É necessário, pois, querendo bem expor esta parte, examinar se esses inovadores se baseiam sobre forças suas próprias ou se dependem de outros, isto é, se para levar avante sua obra é preciso que roguem, ou se em realidade podem forçar. No primeiro caso, sempre acabam mal e não realizam coisa alguma; mas, quando dependem de si mesmos e podem forçar, então é que raras vezes perigam. Daí resulta que todos os profetas armados venceram e os desarmados fracassaram. Porque, além dos fatos apontados, a natureza dos povos é vária, sendo fácil persuadi-los de urna coisa, mas difícil firmá-los nessa persuasão. Convém, assim, estar preparado para que, quando não acreditarem mais, se possa fazê-los crer pela força.
Moisés, Ciro, Teseu e Rômulo não teriam conseguido fazer observar por longo tempo as suas constituições se tivessem estado desarmados; como ocorreu nos nossos tempos a Frei Girolamo Savonarola que fracassou nas suas reformas quando a multidão começou a nele não mais acreditar, e ele não dispunha de meios para manter firmes aqueles que haviam crido, nem para fazer com que os descrentes passassem a crer. Por isso, têm grandes dificuldades no conduzir-se e todos os perigos estão no seu caminho, convindo que os superem com o valor pessoal; mas superado que os tenham, quando começam a ser venerados, extintos aqueles que tinham inveja de sua condição, ficam poderosos, seguros, honrados, felizes.

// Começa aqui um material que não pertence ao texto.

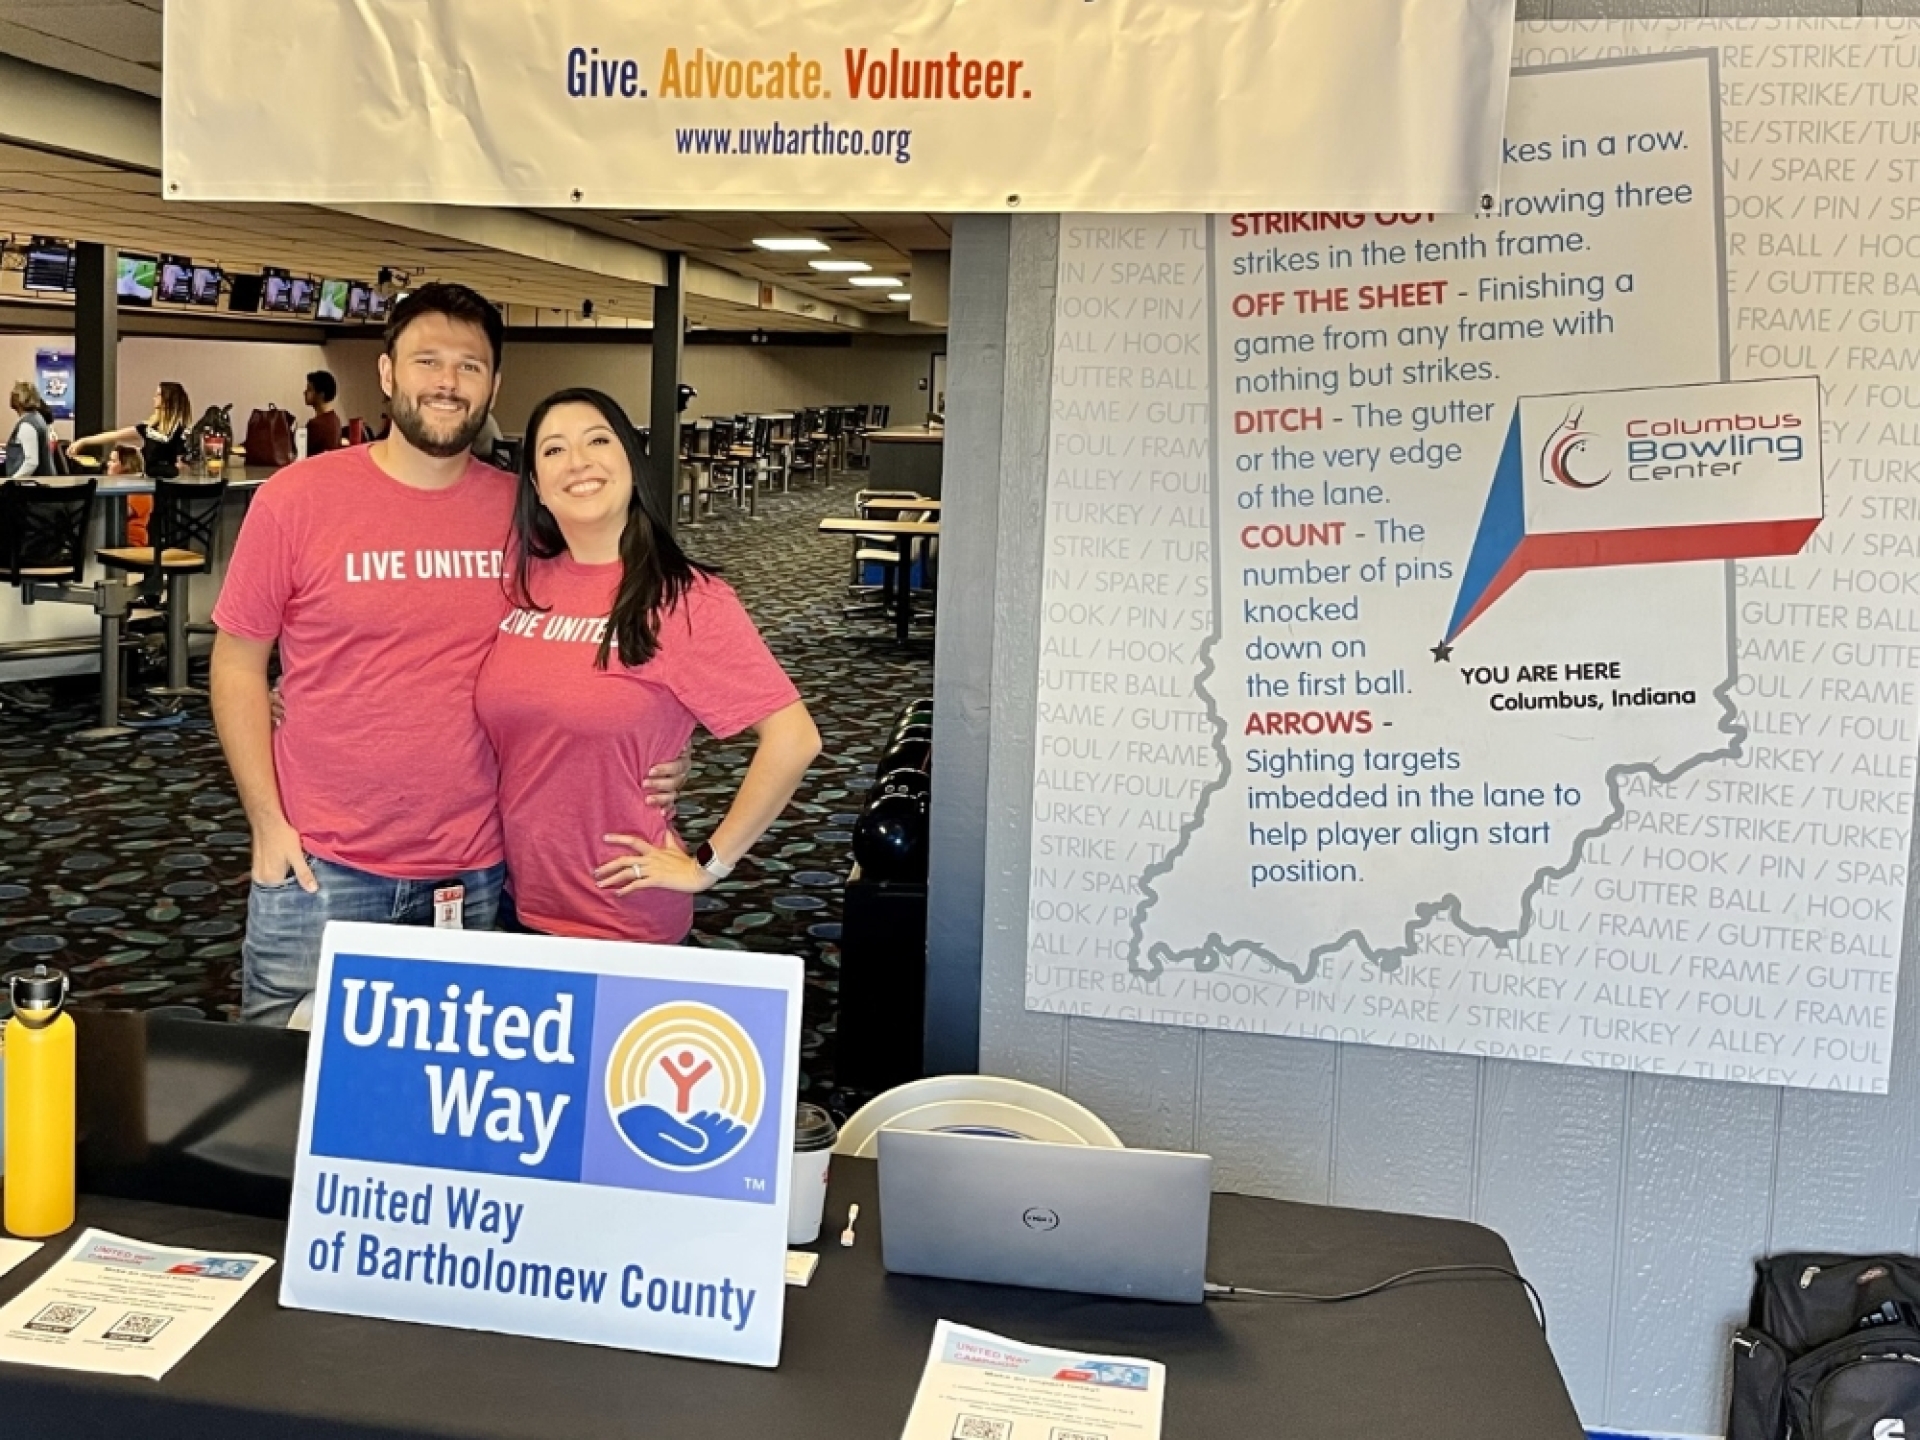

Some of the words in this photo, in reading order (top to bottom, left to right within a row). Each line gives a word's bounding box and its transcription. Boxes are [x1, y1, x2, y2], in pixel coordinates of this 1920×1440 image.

[567, 47, 648, 100] Give.
[659, 47, 832, 100] Advocate.
[845, 47, 1032, 100] Volunteer.
[675, 121, 912, 163] www.uwbarthco.org
[1502, 138, 1552, 164] kes
[1562, 134, 1586, 160] in
[1597, 136, 1615, 156] a
[1626, 130, 1688, 154] row.
[1772, 159, 1856, 182] SPARE
[1231, 213, 1366, 237] STRIKING
[1474, 187, 1605, 218] rowing
[1615, 181, 1693, 208] three
[1814, 196, 1859, 219] PIN
[1068, 227, 1146, 250] STRIKE
[1758, 233, 1822, 257] BALL
[1232, 244, 1320, 275] strikes
[1329, 245, 1352, 269] in
[1361, 241, 1406, 267] the
[1415, 233, 1487, 262] tenth
[1497, 230, 1590, 258] frame.
[1110, 262, 1186, 285] SPARE
[1767, 270, 1874, 295] GUTTER
[1232, 292, 1285, 318] OFF
[1294, 287, 1349, 314] THE
[1359, 280, 1448, 310] SHEET
[1479, 272, 1604, 301] Finishing
[1615, 273, 1634, 293] a
[1143, 298, 1184, 320] PIN
[1737, 307, 1831, 332] FRAME
[1123, 332, 1201, 355] HOOK
[1234, 333, 1314, 363] game
[1323, 324, 1387, 351] from
[1398, 324, 1449, 350] any
[1459, 317, 1544, 343] frame
[1552, 308, 1614, 337] with
[1746, 345, 1817, 369] FOUL
[1141, 367, 1197, 390] BALL
[1236, 367, 1338, 394] nothing
[1348, 362, 1393, 387] but
[1402, 357, 1500, 385] strikes.
[1052, 400, 1120, 422] RAME
[1234, 407, 1323, 434] DITCH
[1351, 401, 1402, 428] The
[1412, 400, 1494, 432] gutter
[1626, 413, 1802, 439] Columbus
[1055, 434, 1116, 456] FOUL
[1236, 453, 1263, 472] or
[1271, 446, 1314, 471] the
[1323, 447, 1380, 472] very
[1389, 438, 1462, 468] edge
[1628, 434, 1803, 464] Bowling
[1054, 468, 1123, 490] ALLEY
[1629, 459, 1742, 482] Center
[1237, 484, 1264, 509] of
[1271, 483, 1314, 507] the
[1324, 480, 1390, 506] lane.
[1052, 501, 1144, 525] TURKEY
[1053, 535, 1130, 559] STRIKE
[1241, 522, 1346, 549] COUNT
[1374, 518, 1425, 544] The
[345, 550, 406, 582] LIVE
[1243, 559, 1350, 586] number
[1360, 557, 1387, 582] of
[1396, 557, 1453, 587] pins
[1095, 572, 1169, 595] SPARE
[1127, 607, 1166, 628] PIN
[1244, 595, 1358, 623] knocked
[1741, 601, 1848, 628] GUTTER
[499, 608, 545, 638] LIVE
[542, 615, 619, 648] UNITE
[1108, 641, 1184, 665] HOOK
[1245, 635, 1322, 660] down
[1332, 639, 1366, 659] on
[1126, 674, 1181, 697] BALL
[1246, 673, 1289, 697] the
[1298, 671, 1346, 696] first
[1355, 669, 1412, 695] ball.
[1460, 666, 1510, 685] YOU
[1516, 663, 1557, 683] ARE
[1565, 661, 1621, 680] HERE
[1490, 691, 1604, 712] Columbus,
[1612, 688, 1696, 708] Indiana
[1821, 678, 1914, 705] FRAME
[1039, 703, 1104, 726] RAME
[1244, 710, 1373, 736] ARROWS
[1840, 716, 1910, 742] FOUL
[1041, 736, 1102, 760] FOUL
[1127, 741, 1208, 766] FRAME
[1246, 747, 1354, 778] Sighting
[1363, 747, 1461, 777] targets
[1248, 783, 1387, 809] imbedded
[1398, 784, 1420, 807] in
[1430, 783, 1473, 806] the
[1484, 782, 1545, 806] lane
[1553, 783, 1581, 806] to
[1705, 780, 1794, 807] STRIKE
[1822, 787, 1914, 815] TURKE
[1034, 801, 1112, 826] URKEY
[1040, 835, 1117, 860] STRIKE
[1249, 821, 1307, 851] help
[1317, 820, 1402, 850] player
[1410, 820, 1478, 850] align
[1488, 821, 1550, 845] start
[1252, 859, 1364, 888] position.
[1644, 848, 1729, 875] HOOK
[1760, 855, 1806, 879] PIN
[1595, 879, 1697, 907] GUTTER
[1708, 887, 1771, 913] BALL
[1808, 894, 1893, 922] HOOK
[1599, 913, 1690, 942] FRAME
[1718, 923, 1822, 953] GUTTER
[1831, 931, 1893, 959] BALL
[1595, 948, 1662, 976] FOUL
[1689, 955, 1780, 986] FRAME
[1806, 966, 1893, 995] GUTTE
[1469, 971, 1567, 1000] TURKEY
[1594, 982, 1670, 1011] ALLEY
[1698, 992, 1766, 1019] FOUL
[1795, 1000, 1887, 1029] FRAME
[342, 978, 575, 1064] United
[1193, 980, 1269, 1006] HOOK
[1296, 988, 1337, 1014] PIN
[1364, 995, 1440, 1023] SPARE
[1467, 1005, 1550, 1034] STRIKE
[1579, 1015, 1681, 1046] TURKEY
[1708, 1028, 1785, 1056] ALLEY
[1814, 1037, 1882, 1064] FOUL
[424, 1064, 571, 1166] Way
[743, 1177, 765, 1191] TM
[316, 1172, 433, 1226] United
[447, 1185, 524, 1244] Way
[308, 1230, 347, 1272] of
[357, 1234, 608, 1304] Bartholomew
[620, 1264, 756, 1331] County
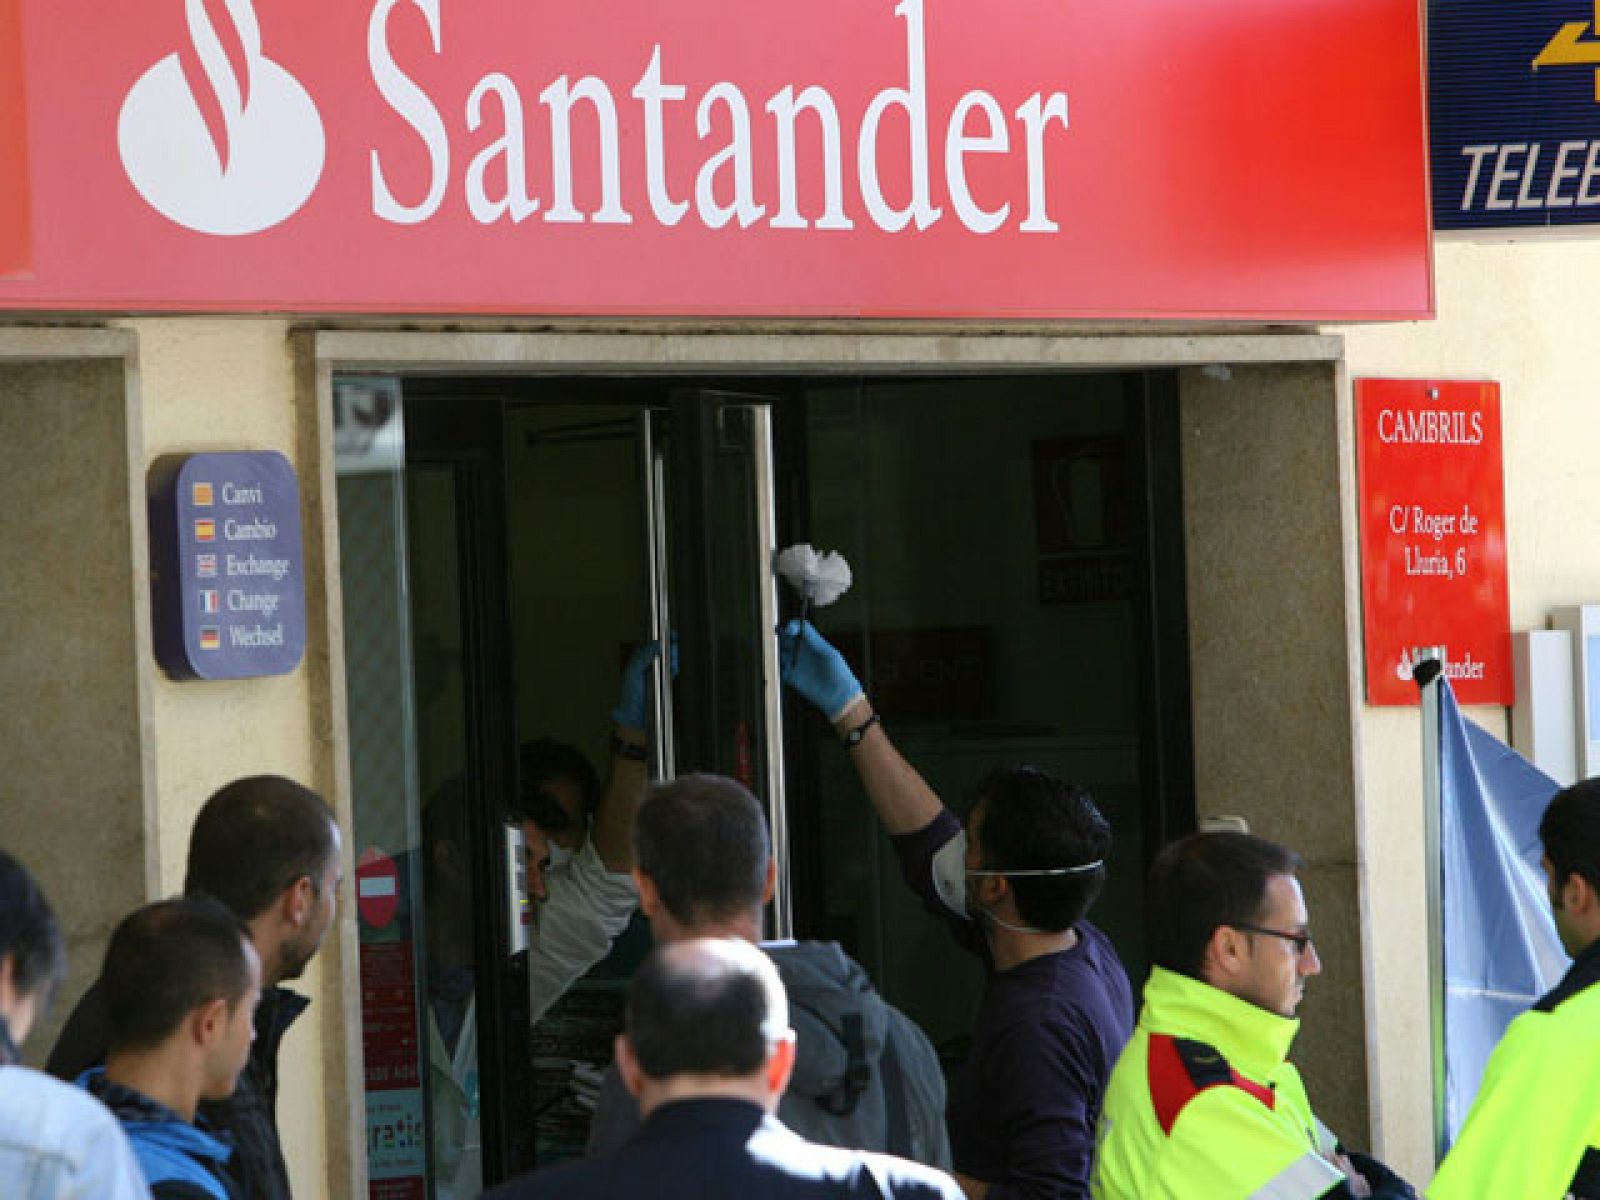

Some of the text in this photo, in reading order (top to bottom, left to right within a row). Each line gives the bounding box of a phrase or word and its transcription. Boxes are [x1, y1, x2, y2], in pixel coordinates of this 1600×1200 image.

[367, 0, 1068, 233] Santander
[1377, 409, 1483, 445] CAMBRILS
[222, 481, 262, 505] Canvi
[224, 517, 277, 541] Cambio
[1389, 505, 1478, 540] C/ Roger de
[226, 552, 291, 581] Exchange
[1455, 546, 1466, 576] 6
[227, 589, 280, 617] Change
[230, 623, 284, 646] Wechsel
[1420, 651, 1485, 680] ander

A tão altos exemplos, quero acrescentar um menor, mas que bem terá alguma relação com aqueles e que julgo suficiente para todos os outros semelhantes: é Hierão de Siracusa. Este, de particular, tornou-se príncipe de Siracusa; também ele, da sorte somente conheceu a ocasião porque, sendo os siracusanos oprimidos, o elegeram para seu capitão, donde mereceu ser feito príncipe. E foi de tanta virtude, mesmo na vida privada, que quem escreveu a seu respeito, disse:quod nihil illi deerat ad regnandum praeter regnum.
Extinguiu a velha milícia, organizou a nova, abandonou as antigas amizades, conquistou novas; e, como teve amizades e soldados seus, pode, sobre tais fundamentos, erigir as obras que desejou: tanto que custou-lhe muita fadiga para conquistar e pouca para manter.